John Gregory, Computing Manager for the Solid Mechanics group, expressed similar sentiments: “ARC gives us the ability to access a large amount of compute and storage resources at short notice and often for sporadic runs. To build our own solution would have been prohibitively costly, but ARC provides us access to huge computing power and data storage free at the point of delivery.”
By making HPC accessible 24 hours a day, 7 days a week, 365 days a year to a diverse community of researchers, ARC supports initiatives that would have otherwise been impossible.
The Storage Challenges of a 24x7x365 Operation
Given the heavy demands of such an operation, ARC faced challenges sustaining the uptime and performance of the facility’s storage systems.
The original NAS systems based on a standard NFS file system were causing significant reliability and performance issues. In addition, the systems were hard to administer and balance, as they lacked the ability to easily manage the computation workloads of different projects. Large data-intensive jobs would regularly reduce system performance to unacceptable levels, hampering other users’ projects. As a result, users lost confidence in ARC’s ability to serve their computational needs.
“We don’t have a large support staff available to manage the system 24 hours per day, so we needed to find a solution that offered excellent manageability, load balancing, and performance monitoring,” stated Dr. Andrew Richards, Head of the ARC facility. “We also needed a high-performance solution that would work across a range of HPC systems and could be easily deployed into our existing production environment.”

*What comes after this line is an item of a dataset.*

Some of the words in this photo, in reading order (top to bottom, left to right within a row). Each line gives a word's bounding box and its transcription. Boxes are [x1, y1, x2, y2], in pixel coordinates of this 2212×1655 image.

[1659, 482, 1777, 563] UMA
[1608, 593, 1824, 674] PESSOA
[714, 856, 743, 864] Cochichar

ARC approached Panasas seeking a solution that was fast, easy to manage and integrate, and that could support 10Gb Ethernet networking. The system would also need to deliver the performance and scalability advantages of a parallel file system, without the management burden typically associated with it.

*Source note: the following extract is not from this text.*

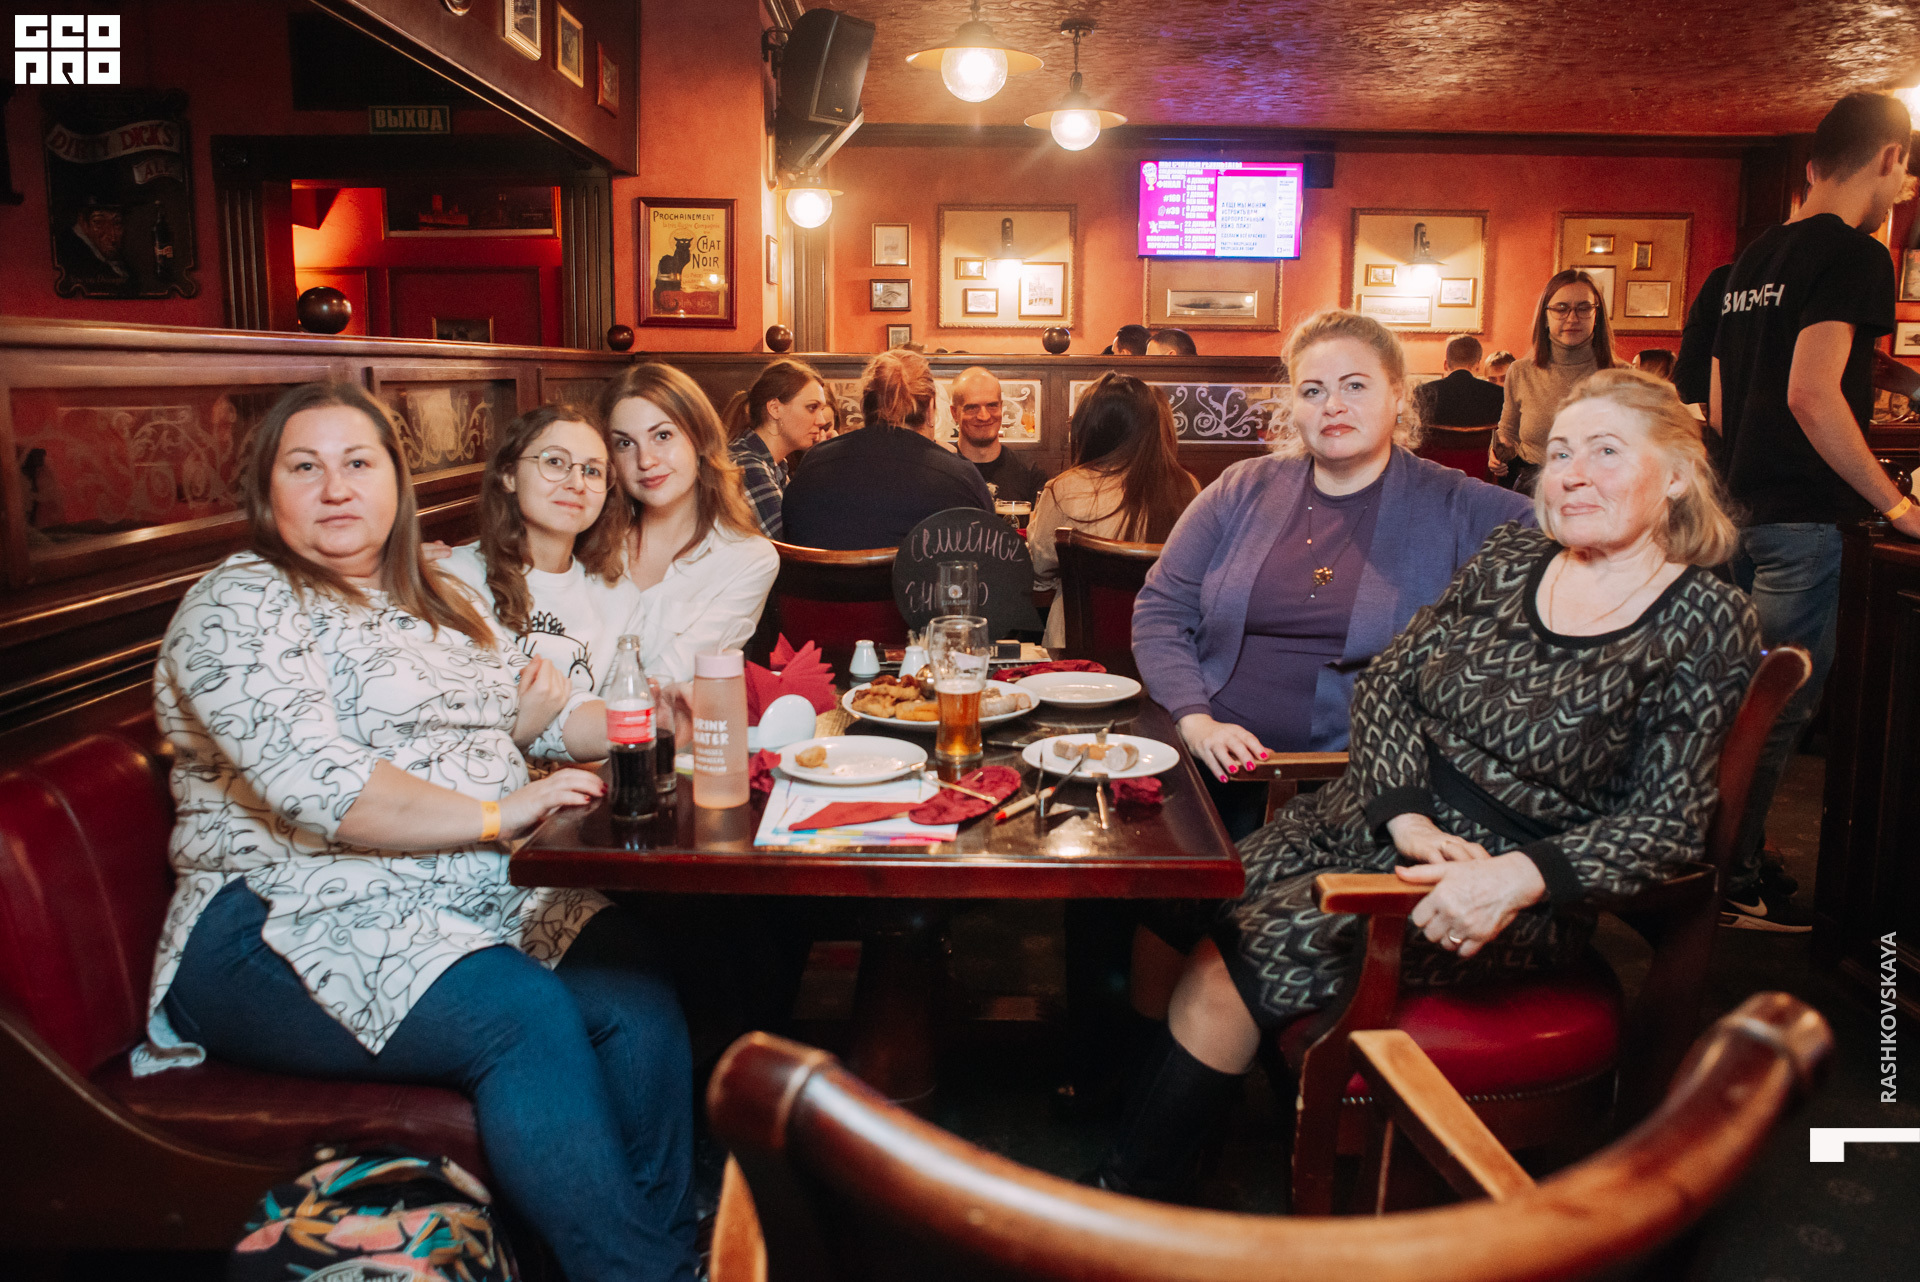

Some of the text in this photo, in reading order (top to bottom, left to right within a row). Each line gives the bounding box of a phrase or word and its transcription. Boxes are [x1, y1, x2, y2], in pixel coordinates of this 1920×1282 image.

[375, 110, 443, 131] ВЫХОД
[653, 210, 715, 222] PROCHAINEMENT
[696, 235, 721, 253] CHAT
[692, 254, 719, 269] NOIR

Panasas Storage Restores Confidence in ARC
In the end, ARC deployed four Panasas ActiveStor® shelves, yielding a single high-performance pool of storage under a global namespace with 330 terabytes (TB) of raw capacity (265TB of usable storage space). The facility especially values the scalability and manageability of the solution.
“Panasas ActiveStor helps us support our existing infrastructure easily while supporting a diverse range of user communities with different needs,” commented Dr. Ste-ven Young, Head of Technical Services at ARC. “Having just had a bad storage experience with a product from a different vendor, we needed a solution that was easy to deploy and manage while being extremely reliable.”
Panasas storage is now at the heart of the infrastructure, hosting home directories, general purpose mid-term storage, and high-performance scratch disk space used for I/O-intensive, short-term jobs. The reliability, availability, and performance of the ActiveStor solution has restored user confidence in the ARC facility.